他逃不掉啦。手槍和彈夾仍在腰間,胡誌遠提過一支微衝。黎政的指示是活捉。即使不把他的頭轟爛,也要先給他雙腿一梭子,讓他痛不欲生?

胡誌遠鼓起勇氣,走向黑黢黢的洞口。

“小心點。”車小寧說。

“沒問題。”胡誌遠像狐狸似的踮起腳尖,深色的雙眼冷靜沉著。

“如果他開槍,你必須做你該做的。”

“明白,我已經受夠了他的遊戲。”

車小寧對歐陽謙點點頭,歐陽謙看起來非常緊張接下來會發生什麽事,然後他又看了易憲容一眼。大家各就各位。

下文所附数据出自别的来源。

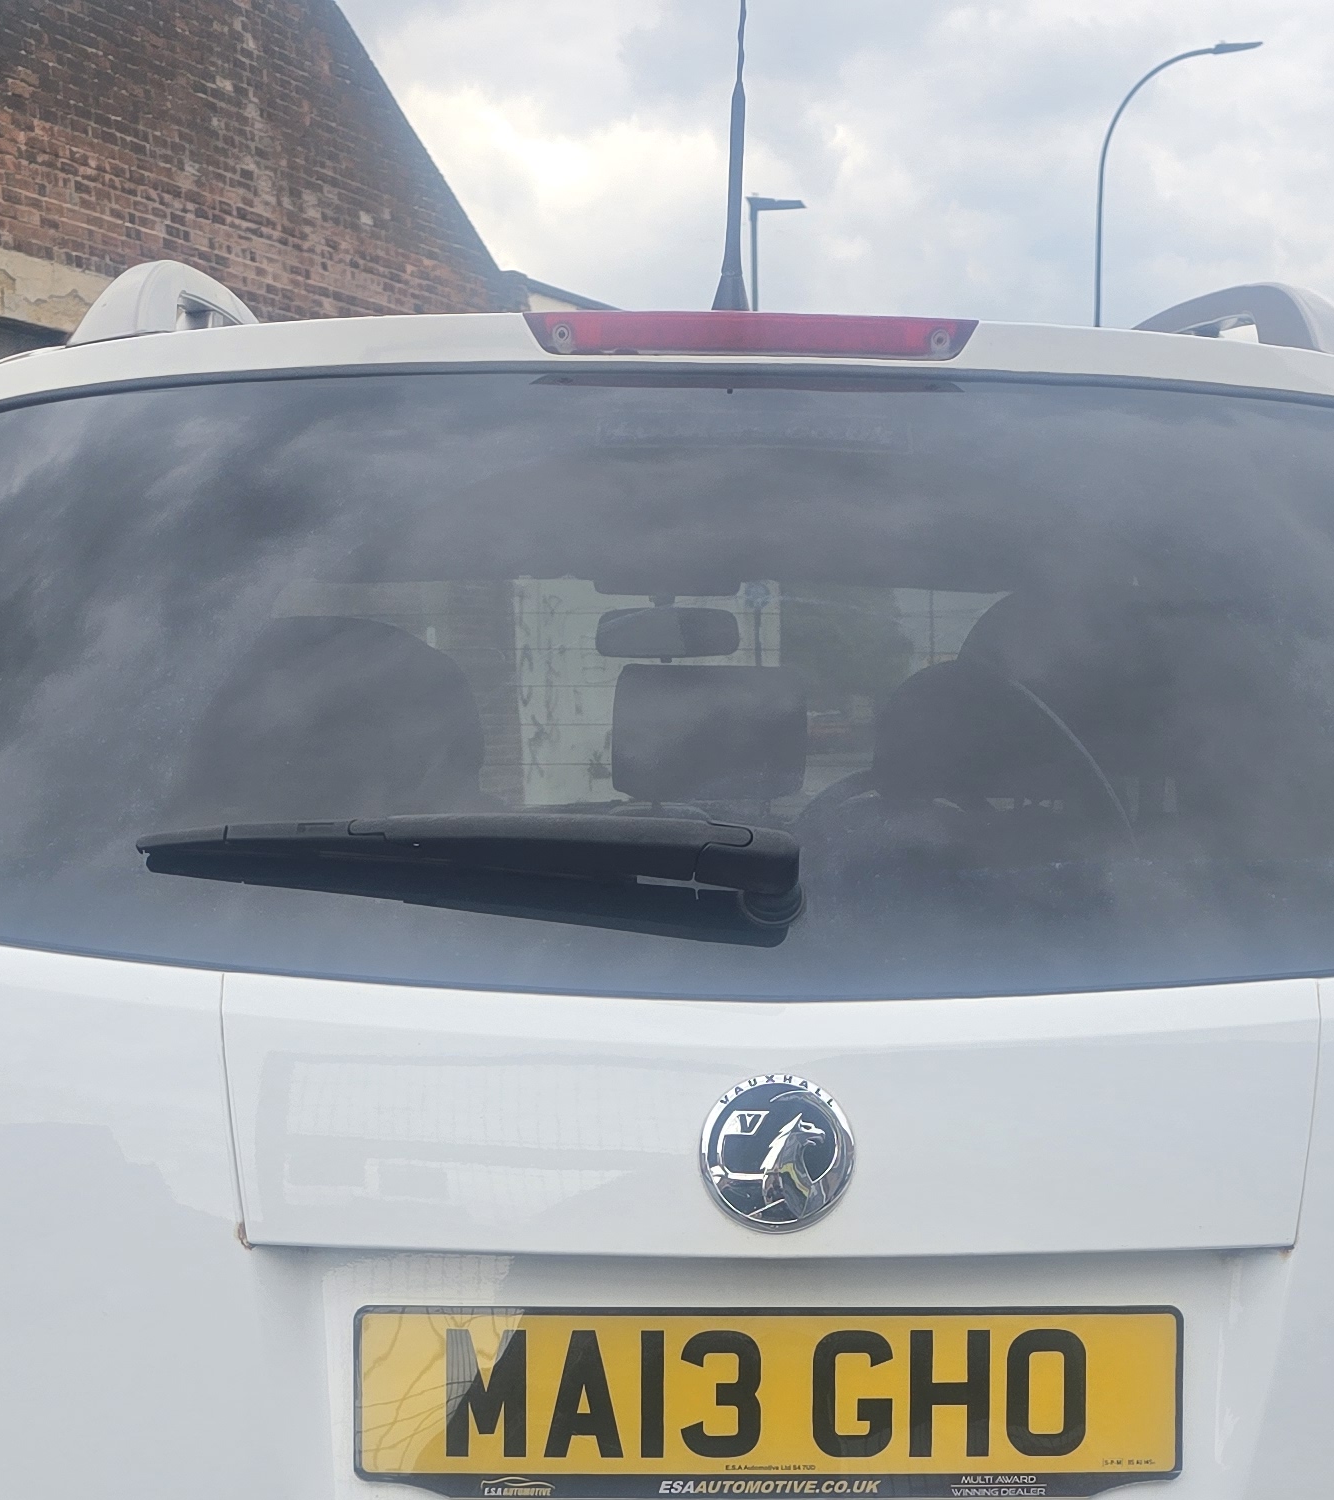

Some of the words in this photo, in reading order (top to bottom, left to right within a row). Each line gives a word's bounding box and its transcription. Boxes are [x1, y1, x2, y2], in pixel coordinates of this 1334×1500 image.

[719, 1074, 834, 1108] VAUXHALL
[445, 1328, 762, 1458] MA13
[961, 1475, 993, 1483] MULTI
[995, 1475, 1037, 1483] AWARD
[659, 1480, 881, 1494] ESAAUTOMOTIVE.CO.UK
[951, 1488, 999, 1496] WINNING
[1001, 1487, 1046, 1496] DEALER
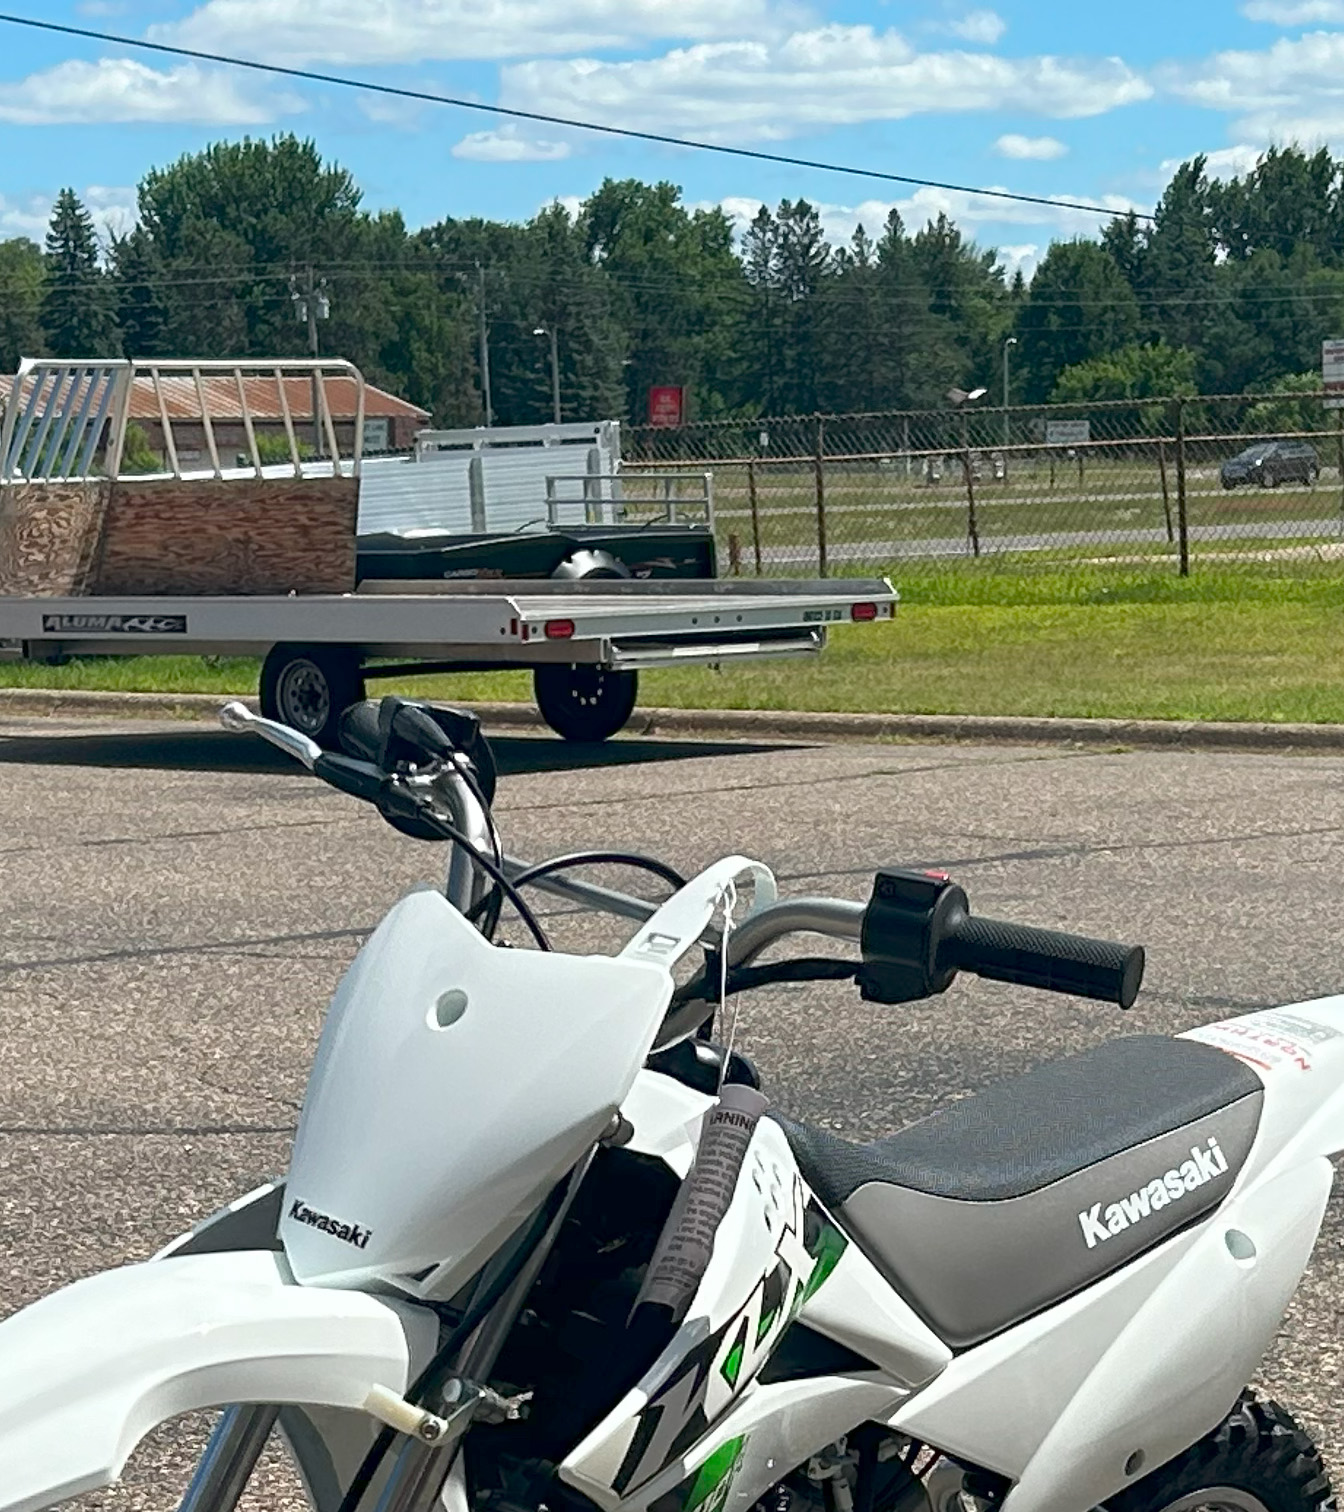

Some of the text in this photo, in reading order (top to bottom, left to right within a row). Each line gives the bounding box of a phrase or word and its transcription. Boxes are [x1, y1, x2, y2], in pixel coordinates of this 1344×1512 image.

[46, 616, 122, 630] ALUMA
[709, 1111, 757, 1134] ARNIN
[1078, 1136, 1229, 1249] Kawasaki
[288, 1199, 373, 1249] Kawasaki
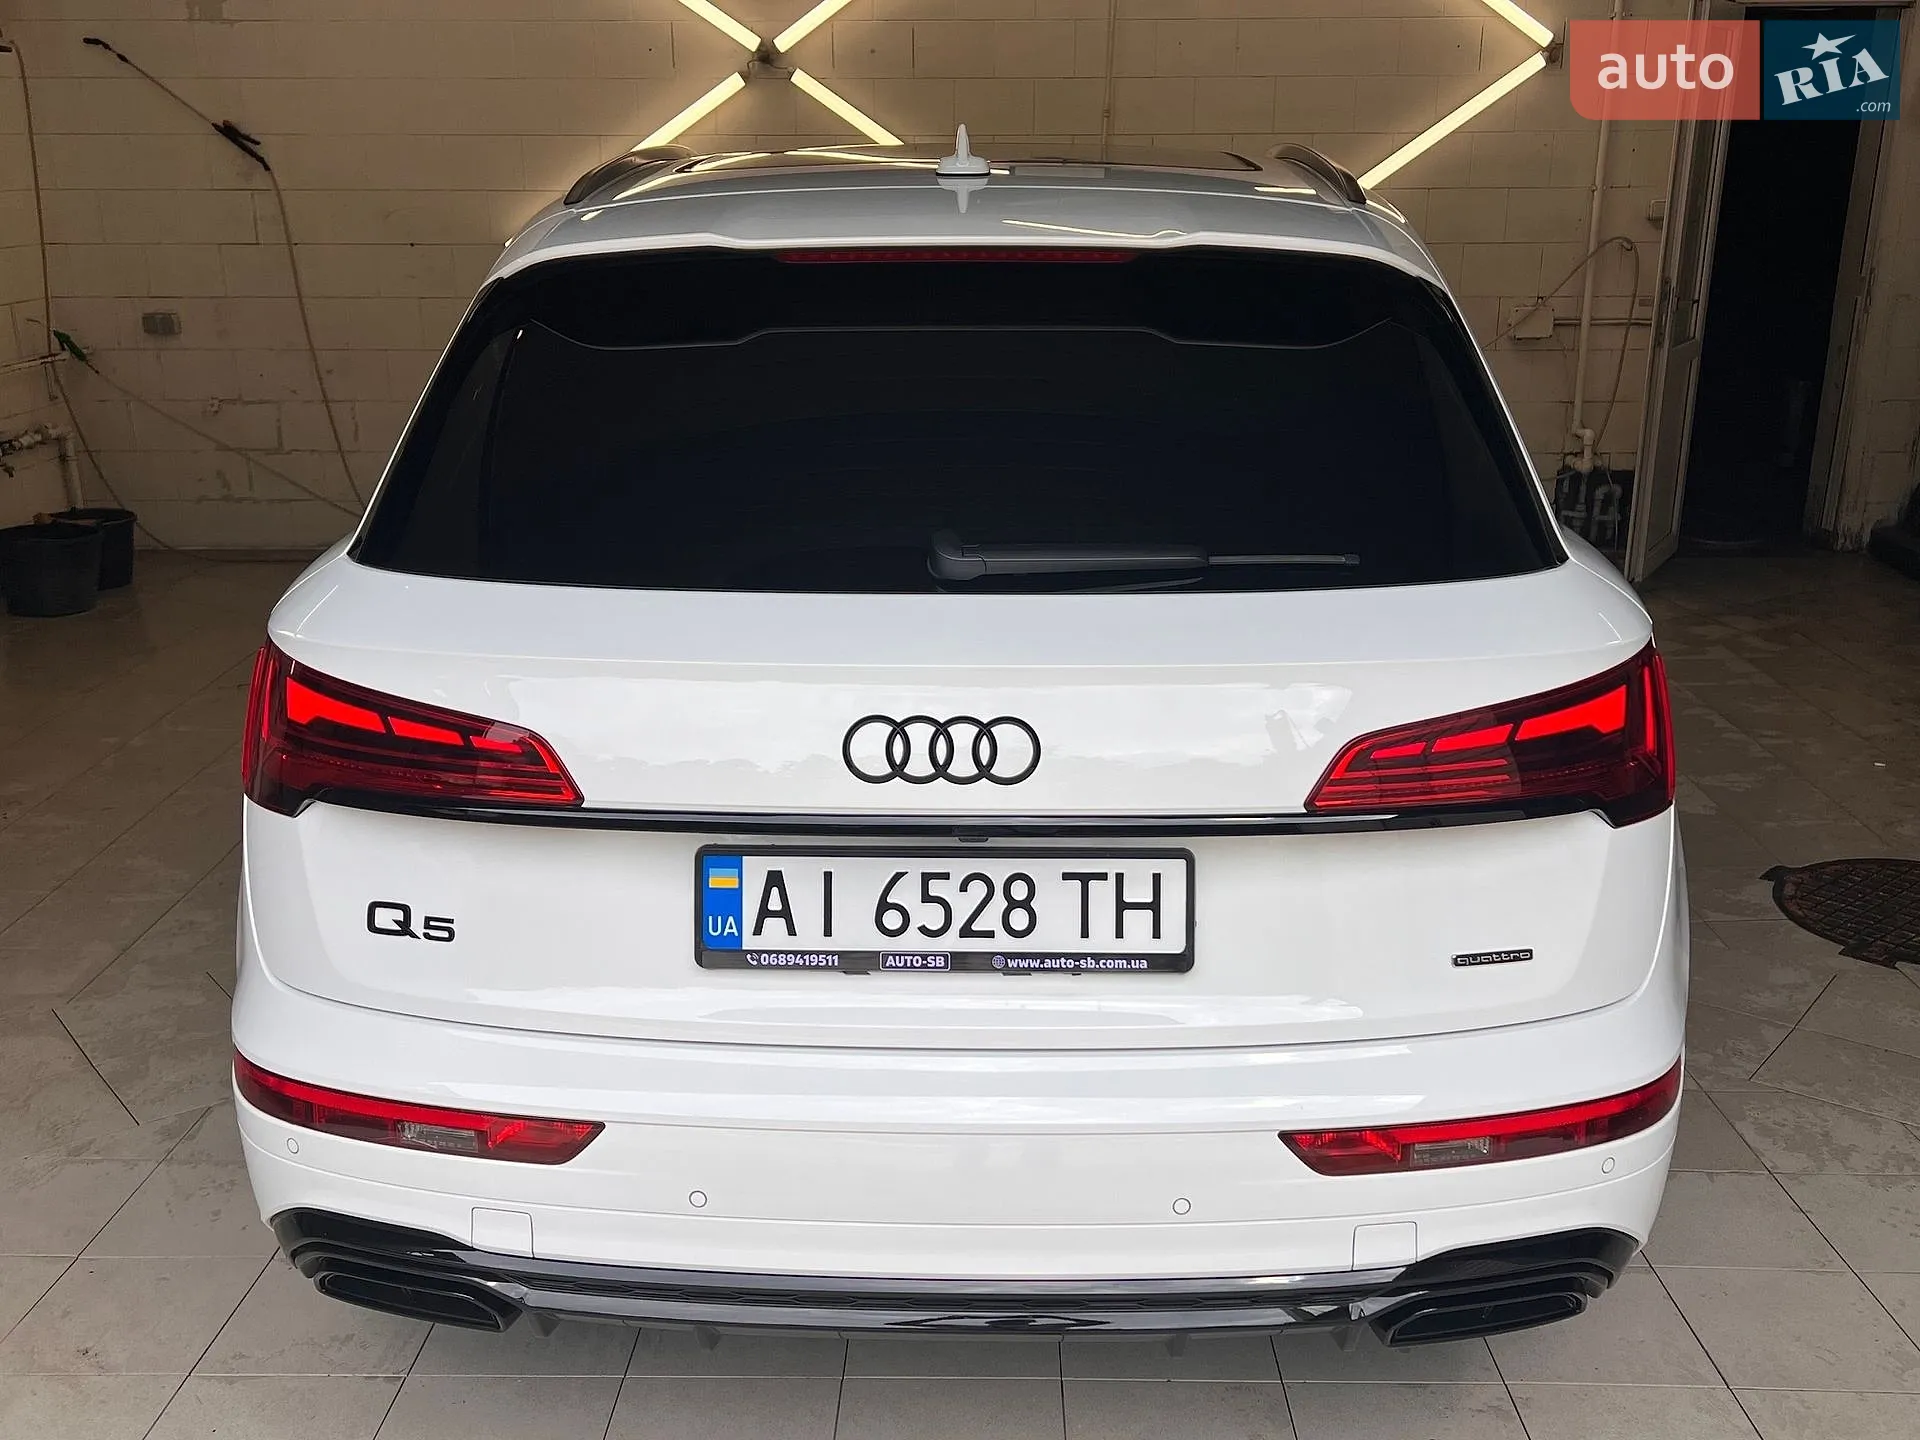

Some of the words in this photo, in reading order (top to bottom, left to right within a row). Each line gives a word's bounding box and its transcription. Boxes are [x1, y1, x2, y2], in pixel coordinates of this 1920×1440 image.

[752, 869, 833, 938] AI
[874, 871, 1037, 939] 6528
[1061, 872, 1162, 940] TH
[366, 900, 455, 942] Q5
[708, 915, 739, 937] UA
[760, 953, 840, 967] 0689419511
[886, 955, 945, 968] AUTO-SB
[1007, 955, 1149, 971] www.auto-sb.com.ua
[1456, 951, 1531, 966] quattro
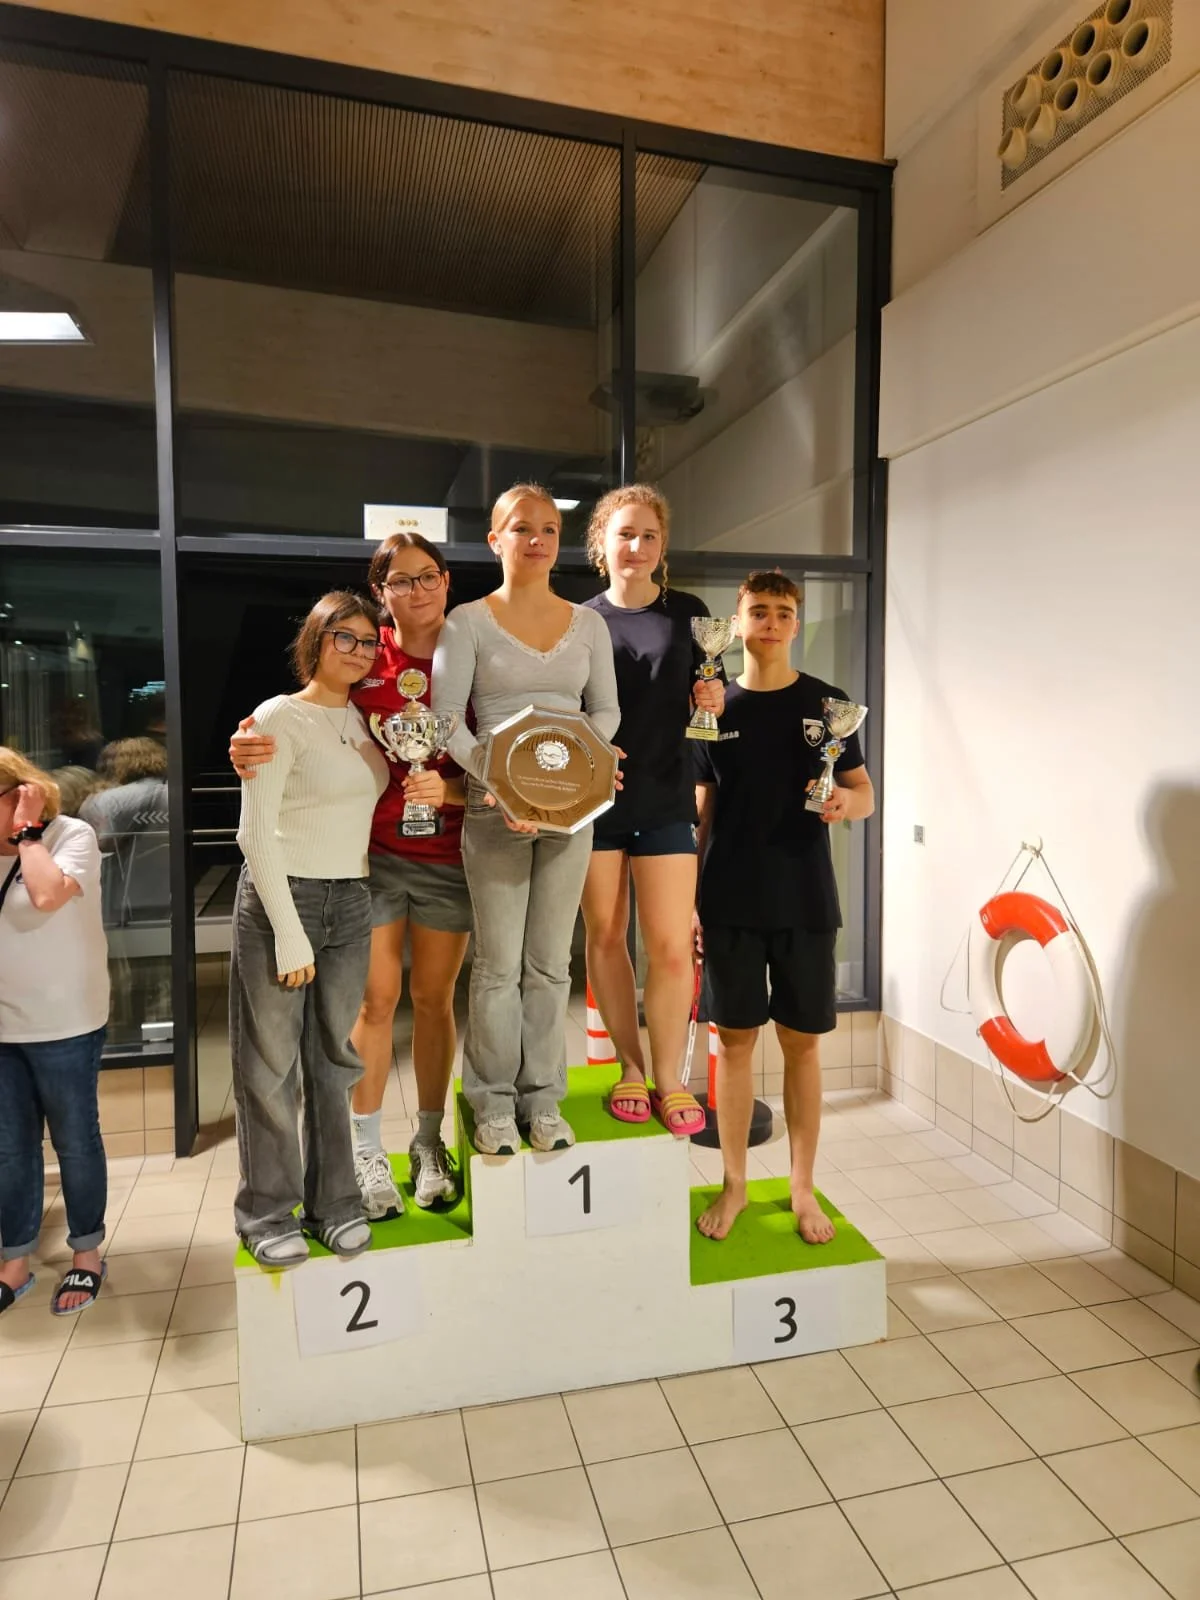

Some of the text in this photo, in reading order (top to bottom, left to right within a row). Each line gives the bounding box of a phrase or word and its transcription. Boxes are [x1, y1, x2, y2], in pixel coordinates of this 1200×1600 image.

胡誌遠不允許自己再多想些什麽。蘇南高舉微衝,緊貼在他身後,繼續前進。

一步、兩步、三步,現在進入洞口,停下腳步,深呼吸,身子貼在洞壁。是先讓眼睛適應黑暗?還是先開一槍,探探路……

洞裏寂然無聲。

你別以為改變了殺人手法,我們就不知道肖繼中和梅亞飛也是你殺的?

胡誌遠往更深處走了幾步。

依然悄無聲息。

接下來,他的動作非常緩慢。他端起微衝,轉過兩個破損的彎道,與蘇南圍住了那個幹燥通風、設施完善的洞穴。穴口有門,他捏住門把。

車小寧分隊已跟進,歐陽謙快速擋在前麵,但胡誌遠已經扭開把手,並順勢倒地,滾進了洞穴裏。“警察!警察!警察……”

洞裏無人。

胡誌遠打開手電,檢查床鋪上下,以及床頭上麵的洞壁,上麵寫著一個“下”字。那其實不是“下”,而是一個未寫完的“正”,代表三。旁邊還有一行歪歪扭扭的文字。

“掠殺,隻為報複。”胡誌遠大聲念出來。他的聲音顫抖。然後,他回頭看著蘇南,說:“拍下來,讓丁楊為我們解釋這是什麽意思?”